→ WORK TO BE COMPLETED
All records, minus the pictures: write them out exactly.

Stored items from a collection
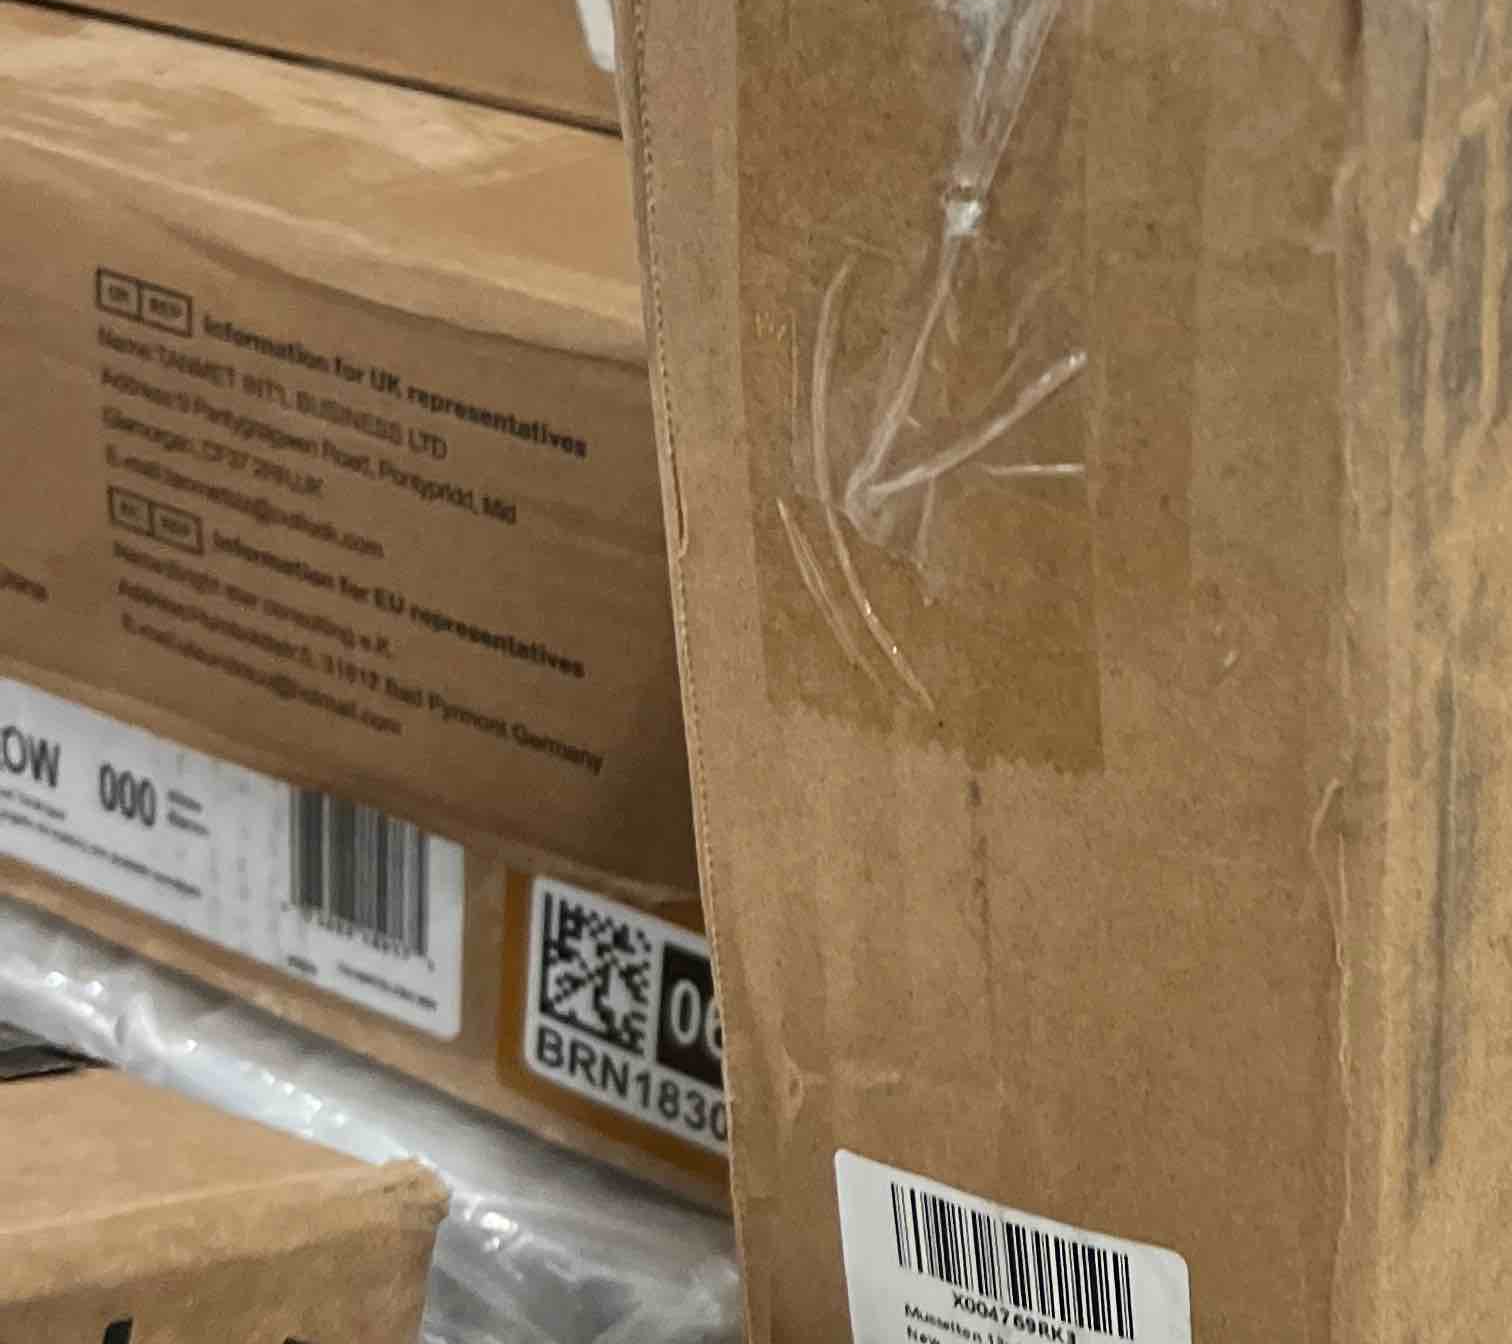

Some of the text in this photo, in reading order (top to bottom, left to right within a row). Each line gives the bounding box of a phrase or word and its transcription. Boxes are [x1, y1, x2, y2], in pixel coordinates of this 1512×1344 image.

[203, 310, 330, 373] Information
[334, 356, 365, 384] for
[408, 385, 588, 459] representatives
[408, 428, 448, 460] LTD
[339, 575, 370, 603] for
[373, 587, 405, 615] EU
[409, 604, 586, 679] representatives
[0, 725, 61, 789] OW
[511, 721, 603, 777] Germany
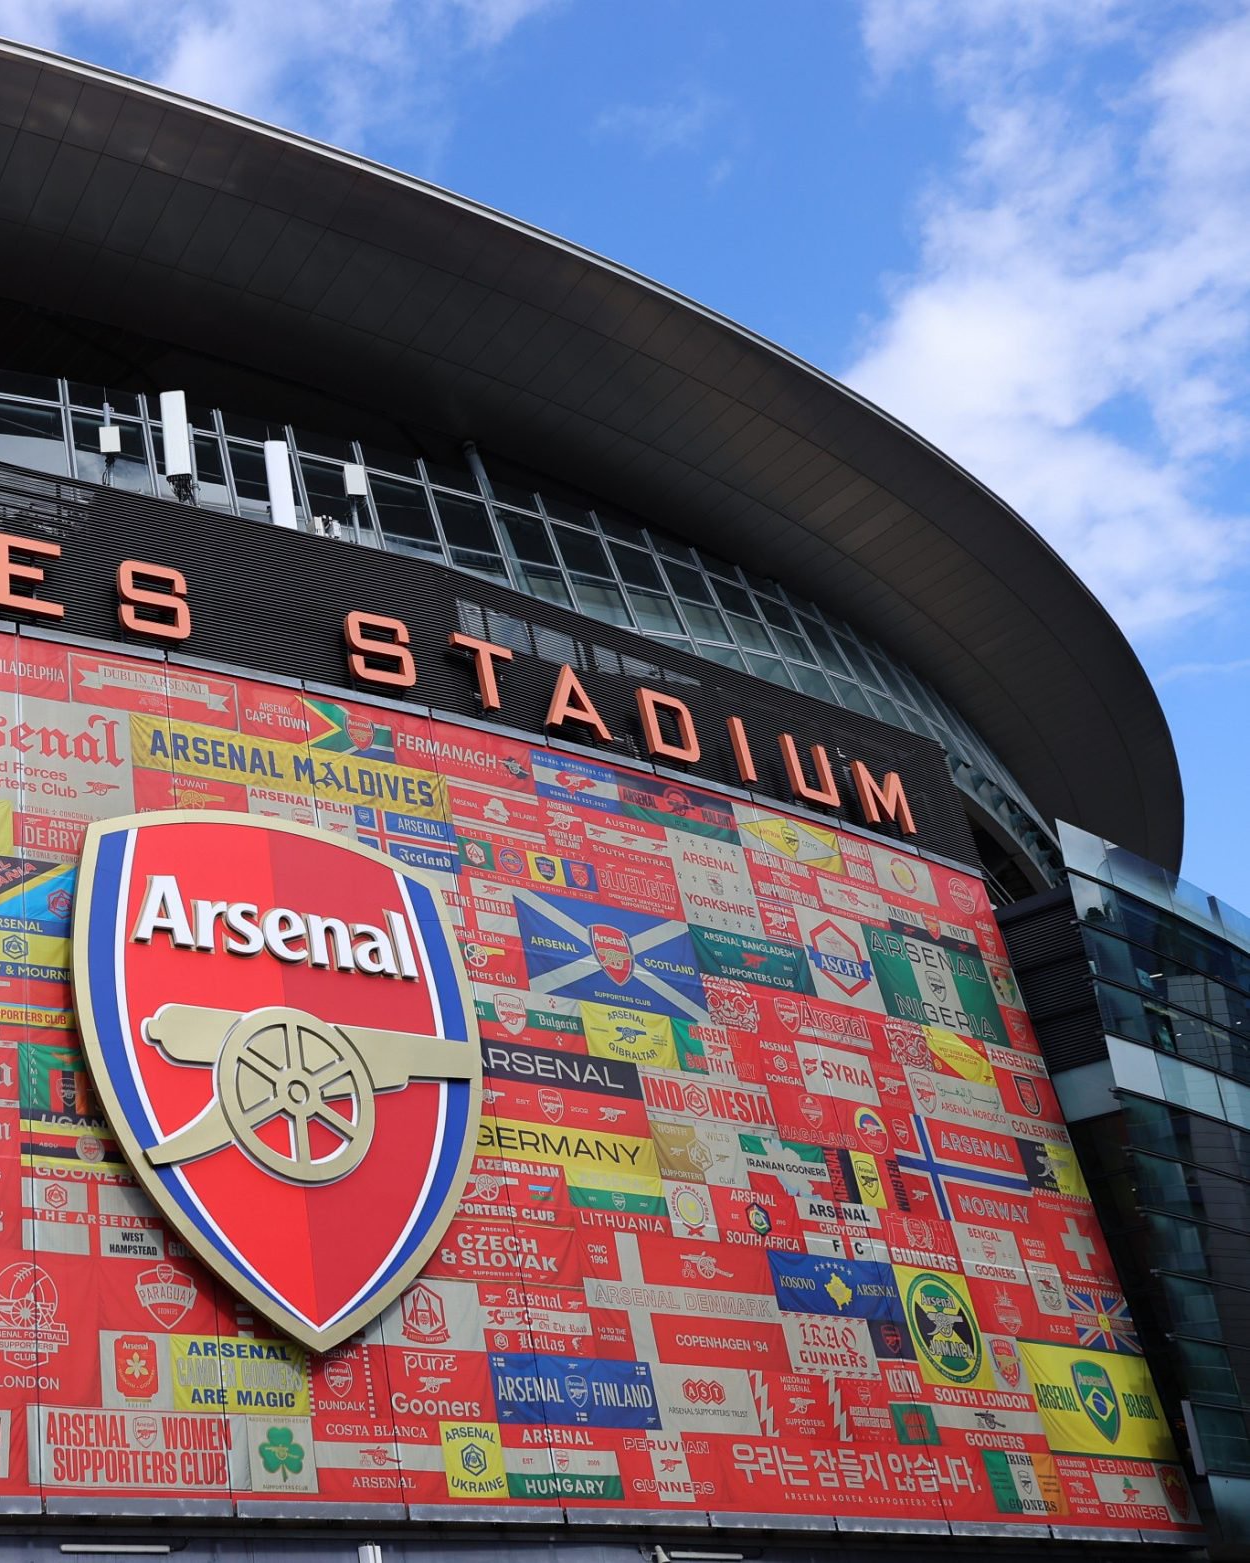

→ PROBLEM SOLUTION
Some of the text in this photo, in reading order (top to bottom, left to right within a row). Each line gives the bounding box of a phrase or word and its transcription. Boxes are [x1, y1, x2, y2], in pixel coordinates of this 1512×1344 image.

[203, 310, 330, 373] Information
[334, 356, 365, 384] for
[408, 385, 588, 459] representatives
[408, 428, 448, 460] LTD
[339, 575, 370, 603] for
[373, 587, 405, 615] EU
[409, 604, 586, 679] representatives
[0, 725, 61, 789] OW
[511, 721, 603, 777] Germany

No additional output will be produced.